[Free-text object descriptions]
* * * * * * * * *
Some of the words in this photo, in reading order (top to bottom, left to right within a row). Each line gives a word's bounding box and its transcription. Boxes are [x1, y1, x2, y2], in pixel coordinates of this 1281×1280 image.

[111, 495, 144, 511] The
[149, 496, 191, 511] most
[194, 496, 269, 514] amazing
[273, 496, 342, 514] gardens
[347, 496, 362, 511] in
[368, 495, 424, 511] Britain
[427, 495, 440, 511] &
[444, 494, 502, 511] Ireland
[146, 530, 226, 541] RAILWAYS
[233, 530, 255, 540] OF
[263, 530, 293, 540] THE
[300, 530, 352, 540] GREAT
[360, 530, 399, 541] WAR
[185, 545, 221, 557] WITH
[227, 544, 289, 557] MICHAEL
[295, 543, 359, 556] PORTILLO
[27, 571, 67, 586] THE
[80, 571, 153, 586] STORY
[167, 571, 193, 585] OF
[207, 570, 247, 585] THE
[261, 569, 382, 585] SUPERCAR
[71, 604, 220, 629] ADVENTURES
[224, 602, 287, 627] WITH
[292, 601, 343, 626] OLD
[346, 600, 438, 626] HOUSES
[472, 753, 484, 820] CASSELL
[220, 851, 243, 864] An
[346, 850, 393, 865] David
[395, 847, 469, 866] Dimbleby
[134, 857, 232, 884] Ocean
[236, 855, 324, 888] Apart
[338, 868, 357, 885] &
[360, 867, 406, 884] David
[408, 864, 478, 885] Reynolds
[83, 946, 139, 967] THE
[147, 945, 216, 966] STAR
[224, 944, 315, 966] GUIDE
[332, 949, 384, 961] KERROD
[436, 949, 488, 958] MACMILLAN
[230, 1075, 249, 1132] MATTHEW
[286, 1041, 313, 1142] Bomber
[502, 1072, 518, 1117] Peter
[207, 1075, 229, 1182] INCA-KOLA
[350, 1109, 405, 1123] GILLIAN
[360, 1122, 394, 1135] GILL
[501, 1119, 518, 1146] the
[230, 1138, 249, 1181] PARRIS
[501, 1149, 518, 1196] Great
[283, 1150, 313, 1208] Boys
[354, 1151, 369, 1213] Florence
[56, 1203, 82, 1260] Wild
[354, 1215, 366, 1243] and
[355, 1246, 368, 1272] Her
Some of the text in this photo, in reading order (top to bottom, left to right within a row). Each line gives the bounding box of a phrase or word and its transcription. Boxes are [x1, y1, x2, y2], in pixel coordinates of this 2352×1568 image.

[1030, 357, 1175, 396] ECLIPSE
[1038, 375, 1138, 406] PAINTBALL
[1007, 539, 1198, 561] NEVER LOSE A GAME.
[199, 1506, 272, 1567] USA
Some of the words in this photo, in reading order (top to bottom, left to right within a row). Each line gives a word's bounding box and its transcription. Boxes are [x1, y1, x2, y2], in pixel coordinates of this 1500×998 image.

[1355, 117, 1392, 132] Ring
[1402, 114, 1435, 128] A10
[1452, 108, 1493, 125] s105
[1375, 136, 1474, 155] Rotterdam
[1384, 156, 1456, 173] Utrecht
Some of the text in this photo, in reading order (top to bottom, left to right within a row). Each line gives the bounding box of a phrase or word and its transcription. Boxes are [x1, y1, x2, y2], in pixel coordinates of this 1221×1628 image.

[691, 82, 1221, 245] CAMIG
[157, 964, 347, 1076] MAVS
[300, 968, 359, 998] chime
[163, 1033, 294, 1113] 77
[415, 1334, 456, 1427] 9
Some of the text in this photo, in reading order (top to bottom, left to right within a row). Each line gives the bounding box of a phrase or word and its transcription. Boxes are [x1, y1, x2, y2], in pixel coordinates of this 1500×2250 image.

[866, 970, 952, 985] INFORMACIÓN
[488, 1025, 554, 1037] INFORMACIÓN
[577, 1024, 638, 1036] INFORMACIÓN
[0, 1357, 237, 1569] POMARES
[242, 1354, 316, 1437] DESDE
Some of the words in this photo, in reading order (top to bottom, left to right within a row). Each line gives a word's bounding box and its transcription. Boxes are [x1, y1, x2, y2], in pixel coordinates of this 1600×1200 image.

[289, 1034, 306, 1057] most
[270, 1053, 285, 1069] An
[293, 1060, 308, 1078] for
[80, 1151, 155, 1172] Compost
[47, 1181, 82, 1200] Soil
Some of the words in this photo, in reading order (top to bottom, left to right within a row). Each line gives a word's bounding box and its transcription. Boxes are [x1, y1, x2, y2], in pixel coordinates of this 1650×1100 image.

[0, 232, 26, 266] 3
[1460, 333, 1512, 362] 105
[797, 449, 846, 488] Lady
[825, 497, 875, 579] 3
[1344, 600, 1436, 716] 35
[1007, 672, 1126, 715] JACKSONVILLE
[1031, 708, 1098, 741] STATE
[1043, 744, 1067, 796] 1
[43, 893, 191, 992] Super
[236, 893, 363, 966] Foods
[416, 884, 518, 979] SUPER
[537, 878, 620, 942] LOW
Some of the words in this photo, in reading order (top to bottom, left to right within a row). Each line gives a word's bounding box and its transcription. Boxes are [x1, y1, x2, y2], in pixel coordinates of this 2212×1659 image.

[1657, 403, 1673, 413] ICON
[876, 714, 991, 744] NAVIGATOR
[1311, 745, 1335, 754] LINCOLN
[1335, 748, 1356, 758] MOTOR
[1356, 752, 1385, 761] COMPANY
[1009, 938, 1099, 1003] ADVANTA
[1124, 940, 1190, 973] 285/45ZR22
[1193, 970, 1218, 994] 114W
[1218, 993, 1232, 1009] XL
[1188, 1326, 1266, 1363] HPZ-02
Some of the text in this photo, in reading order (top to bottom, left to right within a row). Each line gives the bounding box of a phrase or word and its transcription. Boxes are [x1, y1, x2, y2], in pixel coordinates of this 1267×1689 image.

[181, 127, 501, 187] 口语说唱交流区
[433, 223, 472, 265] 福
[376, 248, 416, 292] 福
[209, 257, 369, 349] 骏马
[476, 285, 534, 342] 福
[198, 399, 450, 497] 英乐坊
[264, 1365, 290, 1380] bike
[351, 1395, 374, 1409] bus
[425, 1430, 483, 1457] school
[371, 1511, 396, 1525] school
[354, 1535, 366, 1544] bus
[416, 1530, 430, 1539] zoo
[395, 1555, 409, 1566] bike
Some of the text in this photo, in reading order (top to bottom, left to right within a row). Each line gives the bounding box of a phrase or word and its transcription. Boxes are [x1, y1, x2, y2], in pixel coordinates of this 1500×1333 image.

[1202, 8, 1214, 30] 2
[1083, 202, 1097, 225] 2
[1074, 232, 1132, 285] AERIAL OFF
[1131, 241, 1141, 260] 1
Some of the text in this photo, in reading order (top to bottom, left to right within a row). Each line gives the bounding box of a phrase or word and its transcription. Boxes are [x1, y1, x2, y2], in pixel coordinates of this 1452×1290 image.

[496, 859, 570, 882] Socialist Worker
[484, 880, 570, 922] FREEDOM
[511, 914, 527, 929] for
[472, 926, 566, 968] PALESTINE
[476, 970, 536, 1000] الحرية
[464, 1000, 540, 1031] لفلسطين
* * * * * * * * *
Could you retype exactly the lines above from the one containing "this 1267×1689 image." through the last line of the records, both included, and nothing else?

◆ **COMPLETED TASK**:
Some of the text in this photo, in reading order (top to bottom, left to right within a row). Each line gives the bounding box of a phrase or word and its transcription. Boxes are [x1, y1, x2, y2], in pixel coordinates of this 1267×1689 image.

[181, 127, 501, 187] 口语说唱交流区
[433, 223, 472, 265] 福
[376, 248, 416, 292] 福
[209, 257, 369, 349] 骏马
[476, 285, 534, 342] 福
[198, 399, 450, 497] 英乐坊
[264, 1365, 290, 1380] bike
[351, 1395, 374, 1409] bus
[425, 1430, 483, 1457] school
[371, 1511, 396, 1525] school
[354, 1535, 366, 1544] bus
[416, 1530, 430, 1539] zoo
[395, 1555, 409, 1566] bike
Some of the text in this photo, in reading order (top to bottom, left to right within a row). Each line gives the bounding box of a phrase or word and its transcription. Boxes are [x1, y1, x2, y2], in pixel coordinates of this 1500×1333 image.

[1202, 8, 1214, 30] 2
[1083, 202, 1097, 225] 2
[1074, 232, 1132, 285] AERIAL OFF
[1131, 241, 1141, 260] 1
Some of the text in this photo, in reading order (top to bottom, left to right within a row). Each line gives the bounding box of a phrase or word and its transcription. Boxes are [x1, y1, x2, y2], in pixel coordinates of this 1452×1290 image.

[496, 859, 570, 882] Socialist Worker
[484, 880, 570, 922] FREEDOM
[511, 914, 527, 929] for
[472, 926, 566, 968] PALESTINE
[476, 970, 536, 1000] الحرية
[464, 1000, 540, 1031] لفلسطين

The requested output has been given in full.